Venezuela: l'essence subventionnée pour les titulaires du
Le président vénézuélien, Nicolas Maduro à Caracas le 7 août 2018HO

Le président vénézuélien, Nicolas Maduro, a annoncé lundi que l'essence - la moins chère du monde - restera subventionnée uniquement pour les possesseurs d'un carnet de la patrie", une carte électronique qui donne accès aux aides de l'Etat.

Le président a insisté sur le fait que pour pouvoir en bénéficier, les Vénézuéliens ont jusqu'à vendredi pour faire recenser leur véhicule. Dans un premier temps, la date limite afin de se faire enregistrer auprès des autorités avait été fixée au 5 août.

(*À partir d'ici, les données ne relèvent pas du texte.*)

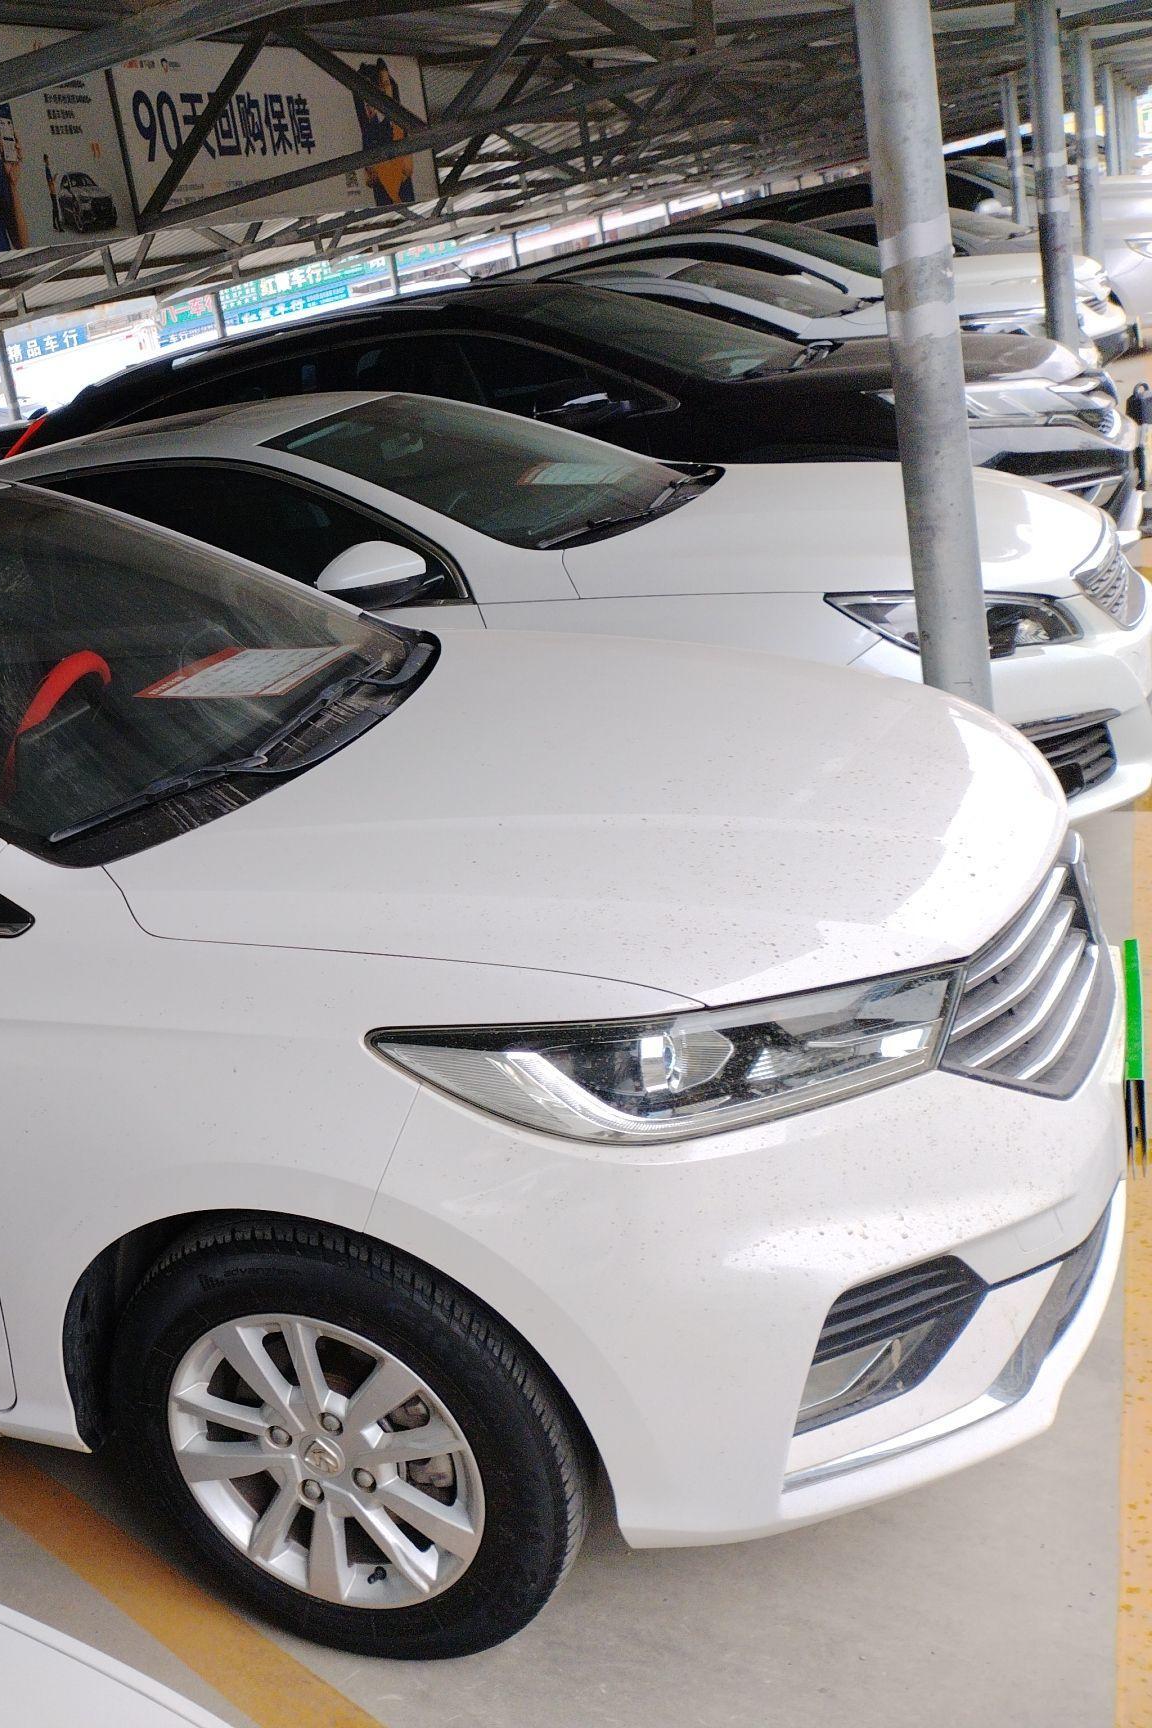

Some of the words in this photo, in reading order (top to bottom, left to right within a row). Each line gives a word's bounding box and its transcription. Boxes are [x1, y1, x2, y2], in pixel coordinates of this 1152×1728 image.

[132, 89, 317, 162] 90天回购保障
[7, 328, 79, 362] 精品车行
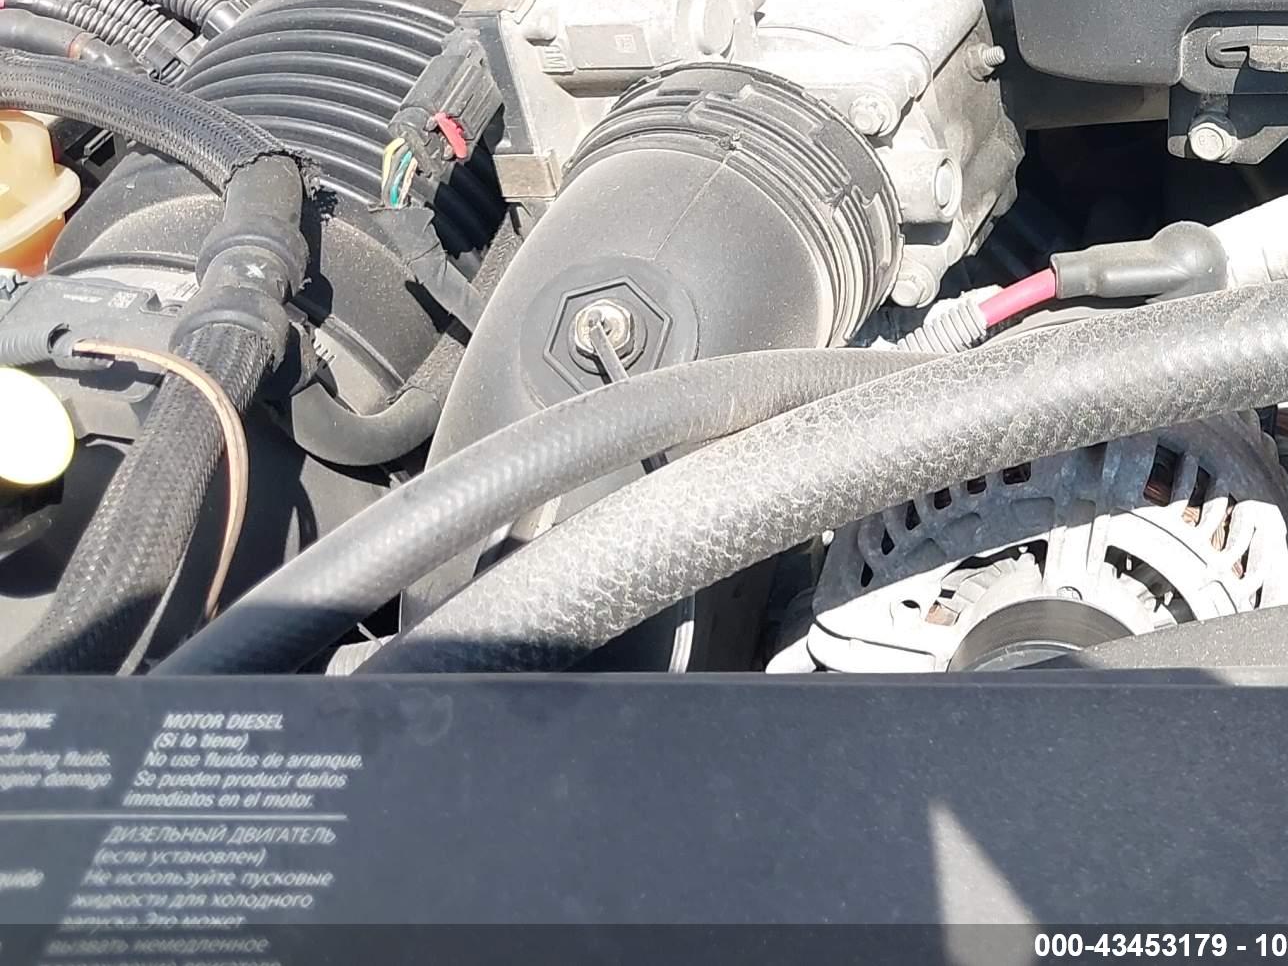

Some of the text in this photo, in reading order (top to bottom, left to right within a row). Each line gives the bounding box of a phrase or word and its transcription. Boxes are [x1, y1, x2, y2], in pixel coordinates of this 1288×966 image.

[162, 713, 284, 730] MOTOR DIESEL
[153, 732, 249, 751] (Si lo tiene)
[143, 752, 364, 770] No use fluidos de arranque.
[134, 770, 348, 789] Se pueden producir daños
[122, 790, 214, 807] inmediatos
[217, 793, 241, 807] en
[243, 791, 261, 807] el
[104, 824, 337, 845] ДИЗЕЛЬНЫЙ ДВИГАТЕЛЬ
[94, 848, 267, 866] (если установлен)
[113, 869, 237, 888] используйте
[241, 872, 334, 888] пусковые
[71, 893, 314, 910] жидкости для холодного

"Les personnes qui ne répondent pas à cet appel au recensement, qui ne veulent pas bénéficier de cette subvention directe, devront payer le carburant au prix international", a expliqué dans une allocution télévisée M. Maduro, sans préciser à partir de quand cette augmentation pourrait s'appliquer.

L'essence dans ce pays producteur de pétrole est pratiquement donnée: avec un dollar échangé sur le marché noir, on peut acheter 5 millions de litres.

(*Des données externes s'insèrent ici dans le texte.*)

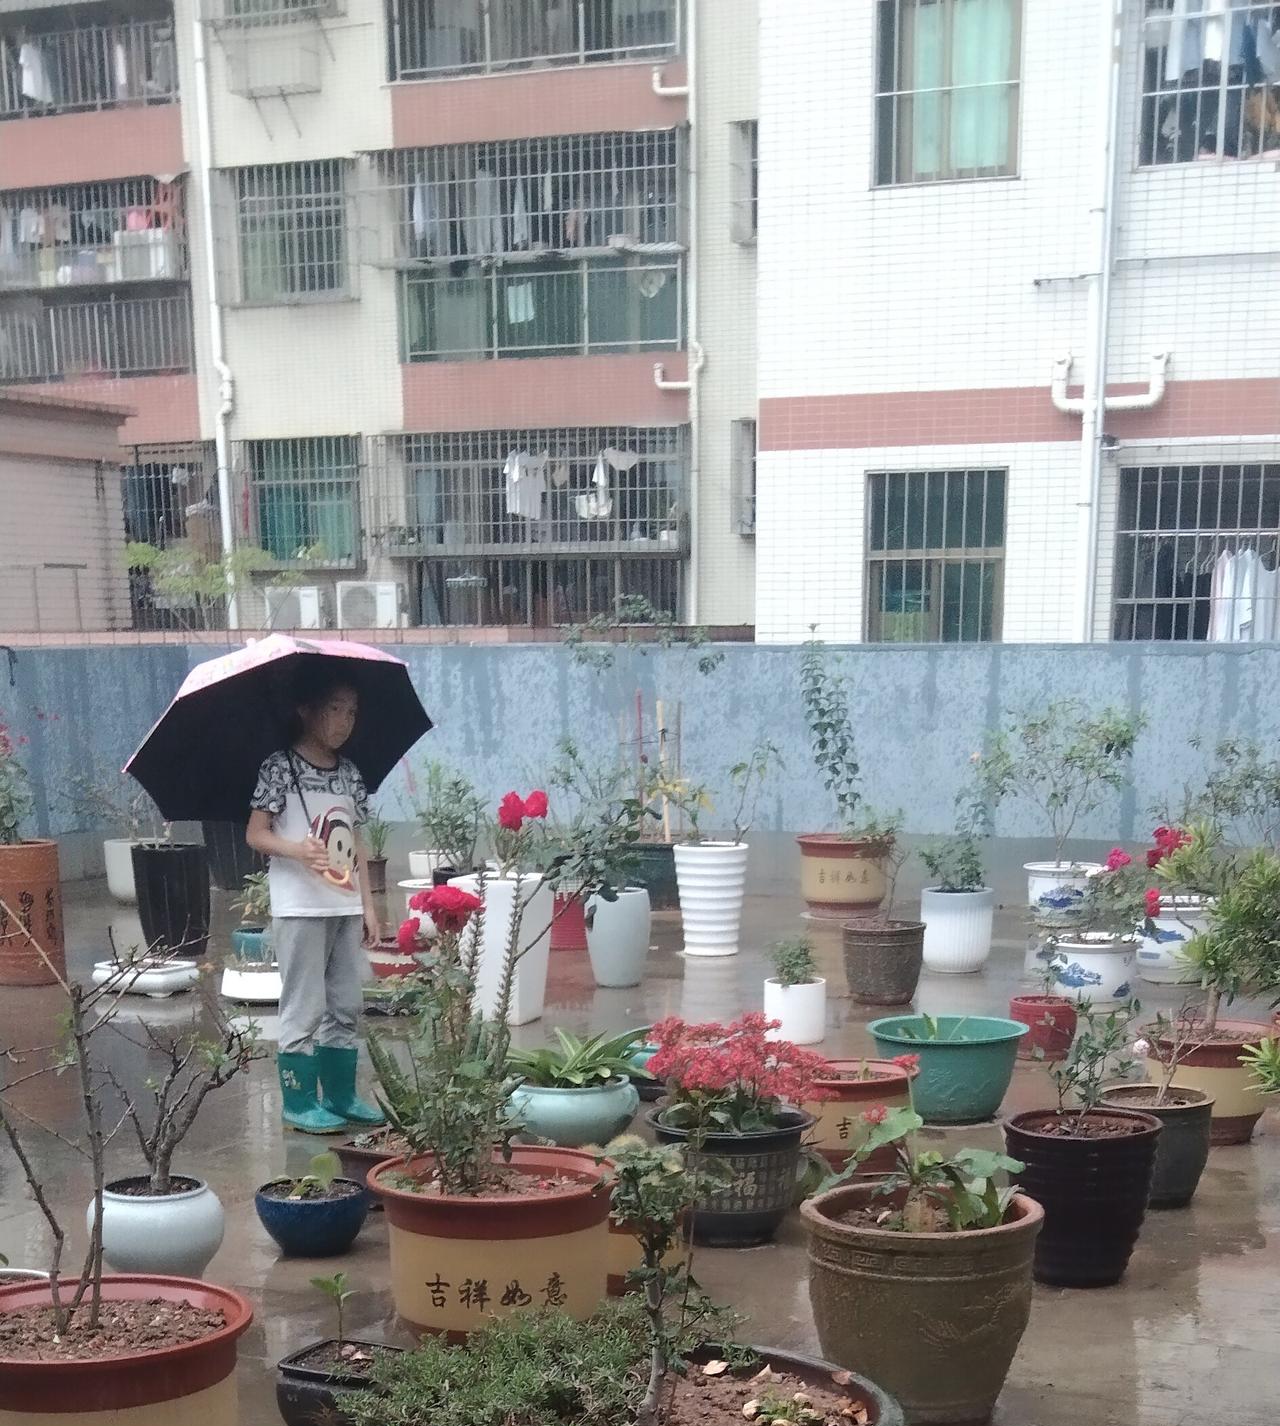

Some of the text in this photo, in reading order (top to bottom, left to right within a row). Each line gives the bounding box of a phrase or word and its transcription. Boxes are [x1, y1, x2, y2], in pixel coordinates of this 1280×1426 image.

[836, 1116, 852, 1140] 吉
[733, 1170, 758, 1197] 福
[425, 1271, 569, 1313] 吉祥如意

Si elle venait à être vendue au même prix que sur le marché international, elle deviendrait inaccessible pour l'immense majorité des Vénézuéliens. En effet, le salaire minimum, soit environ un dollar, est à peine suffisant pour acheter un kilo de poulet.

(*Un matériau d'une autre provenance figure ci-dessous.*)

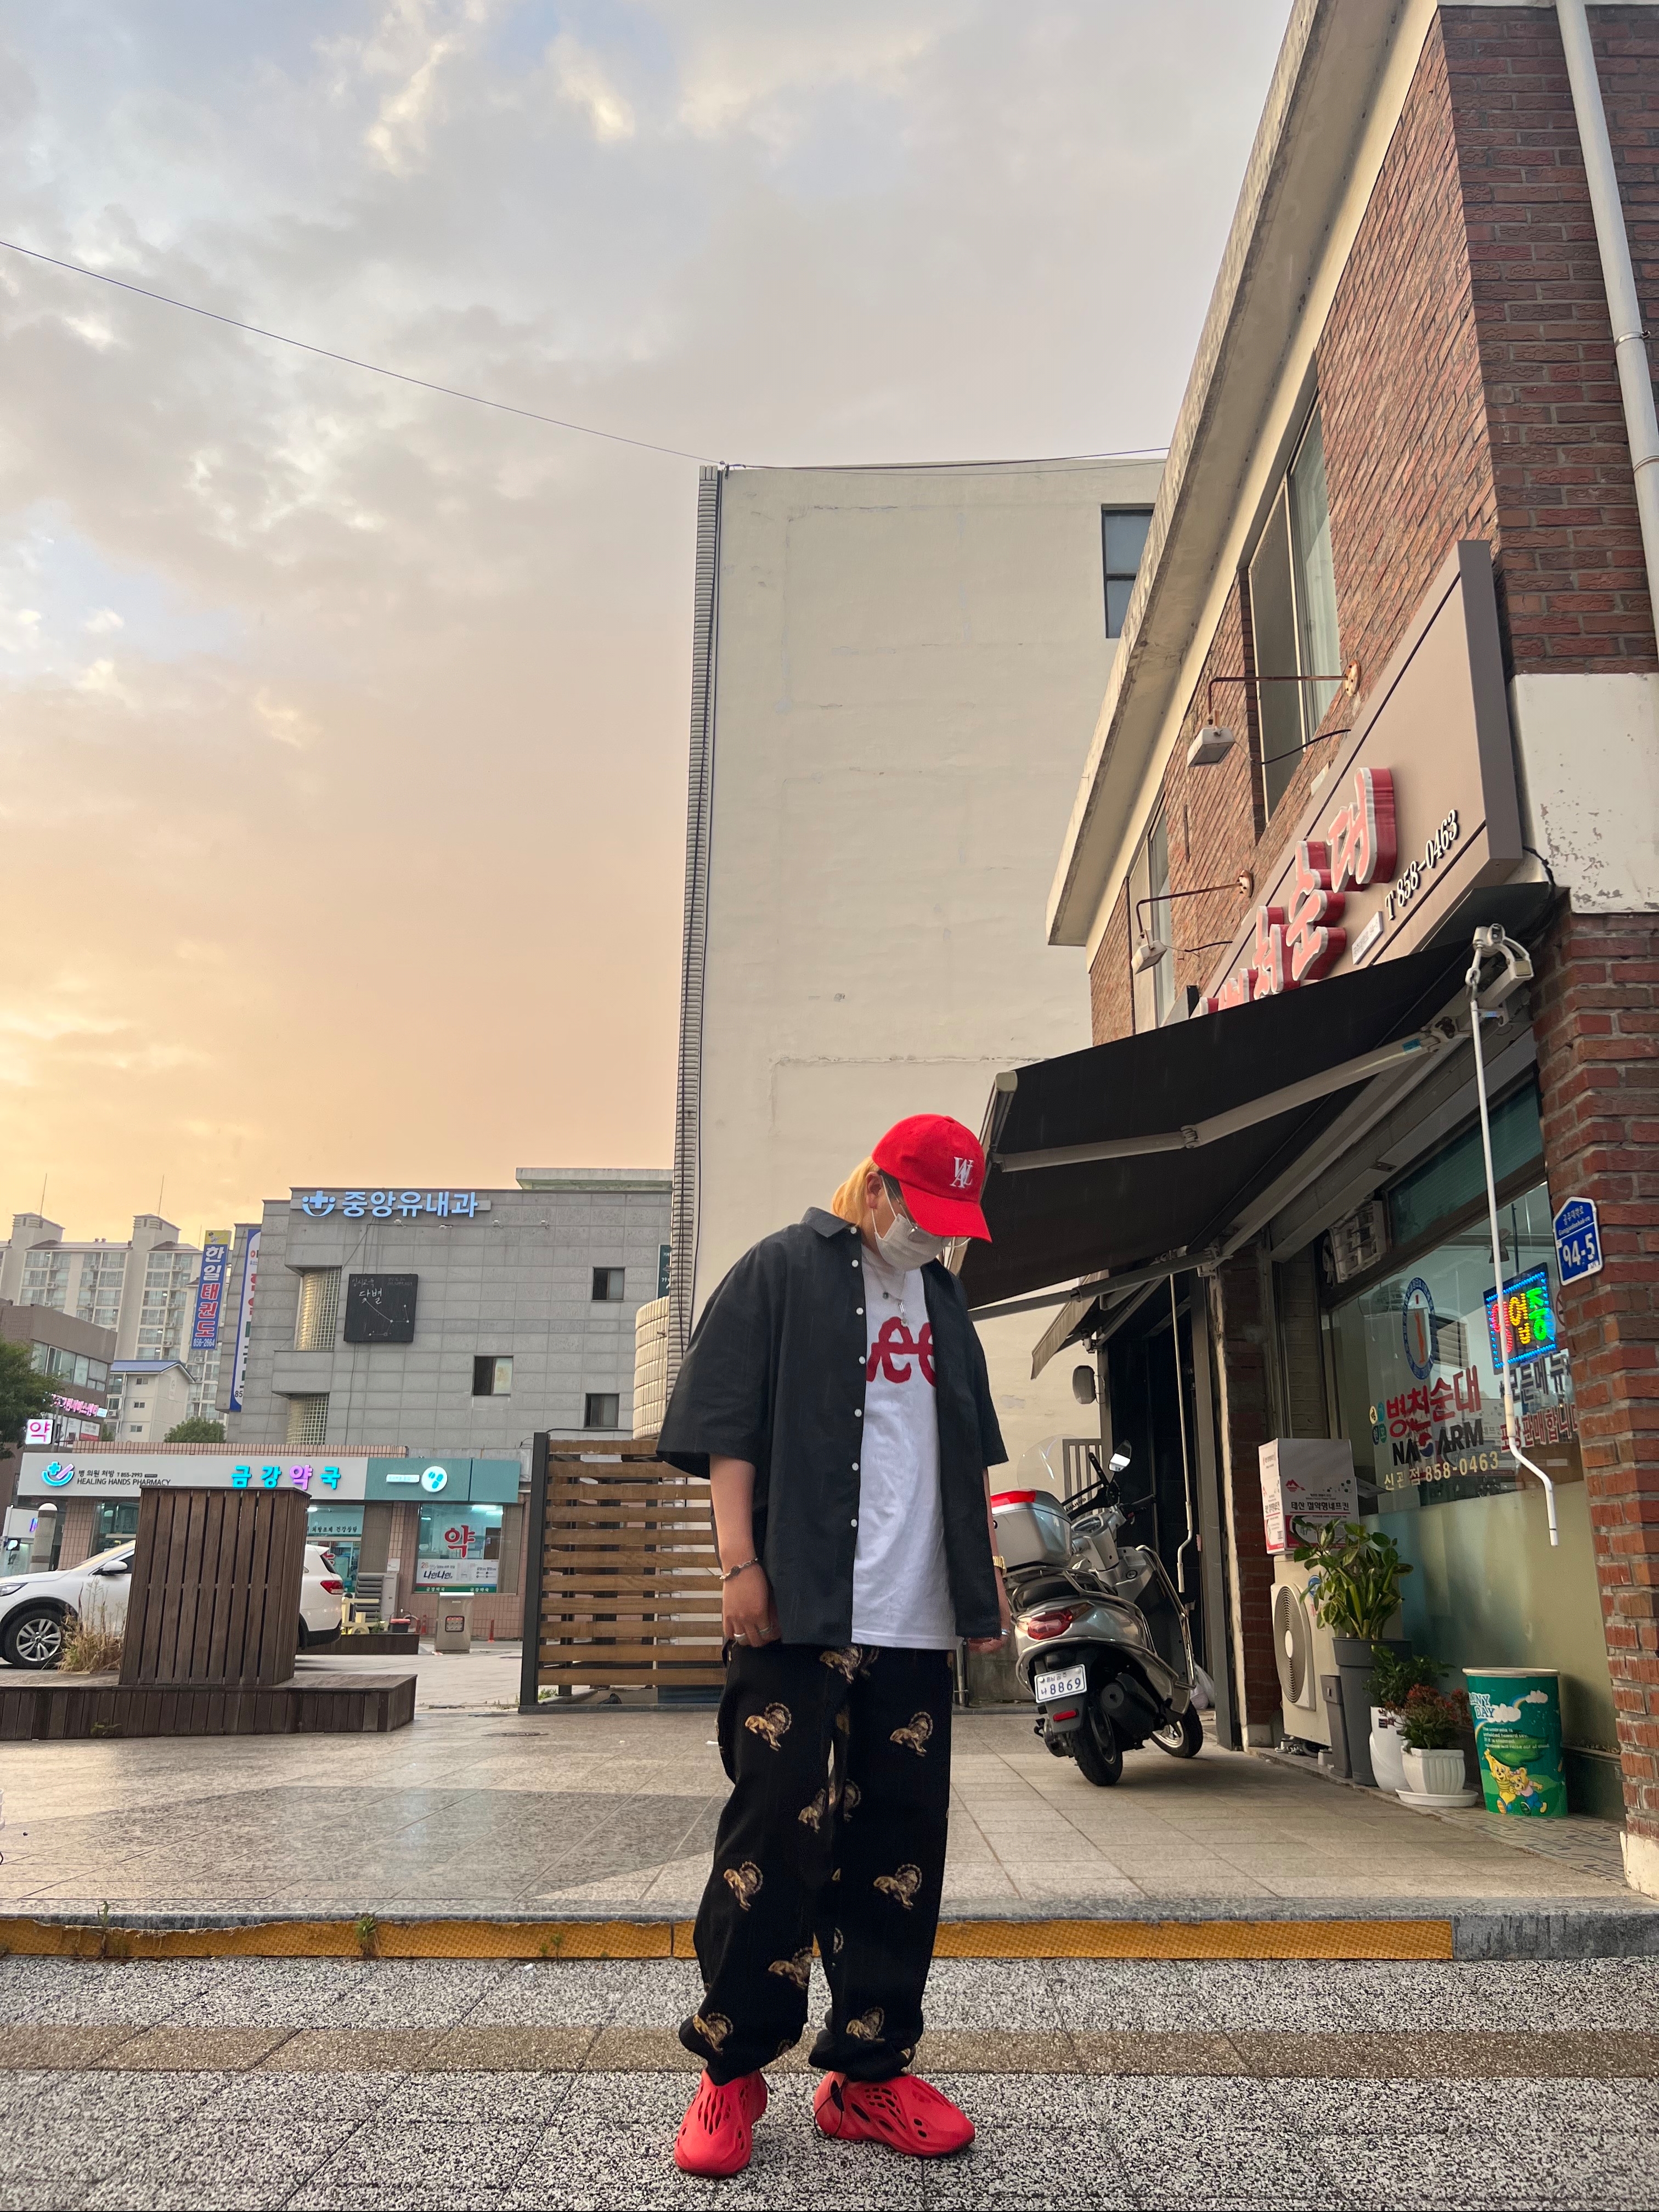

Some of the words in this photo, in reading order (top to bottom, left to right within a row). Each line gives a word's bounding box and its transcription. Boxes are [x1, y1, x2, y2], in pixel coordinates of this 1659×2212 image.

[1385, 888, 1395, 921] T
[1397, 809, 1459, 908] 858-0463
[342, 1190, 478, 1218] 중앙유내과
[1562, 1233, 1595, 1268] 94-5
[1386, 1364, 1482, 1438] 병천순대
[30, 1420, 51, 1442] 약
[231, 1464, 341, 1491] 금강약국
[1425, 1451, 1499, 1482] 858-0463
[444, 1524, 476, 1559] 약
[1049, 1678, 1081, 1695] 8869
[1475, 1707, 1496, 1718] DAY

Nicolas Maduro a précisé que ces mesures font partie d'un plan qui s'étalera sur deux ans.

"J'espère que d'ici deux ans au plus tard, nous aurons résolu l'anomalie (...) qui fait que l'essence vénézuélienne est quasiment offerte. L'essence et les hydrocarbures doivent atteindre les prix internationaux afin de mettre fin à la contrebande", a expliqué le président vénézuélien.

Ce "carnet de la patrie" est dénoncé par l'opposition qui voit dans cette mesure un "contrôle social et politique" du pouvoir ainsi qu'un "chantage électoral".

"Quand le système de subvention entrera en vigueur, avec un +carnet de la patrie+ par véhicule, vous verrez ce à quoi je fais allusion," avait-il déclaré samedi.

Nicolas Maduro affirme que le faible coût de l'essence est à l'origine d'un trafic vers la Colombie. Il estime que cela constitue une perte nette pour le pays de 18 milliards de dollars (15,80 milliards d'euros) par an.

Ce réajustement du prix de l'essence interviendra après la suppression, le 20 août, de cinq zéros de sa monnaie, le bolivar. Actuellement, un litre de carburant coûte un bolivar.

Cette mesure fait partie d'un programme destiné, selon M. Maduro, au redressement économique du pays en récession depuis quatre ans.

L'inflation pourrait atteindre 1.000.000% cette année selon le FMI.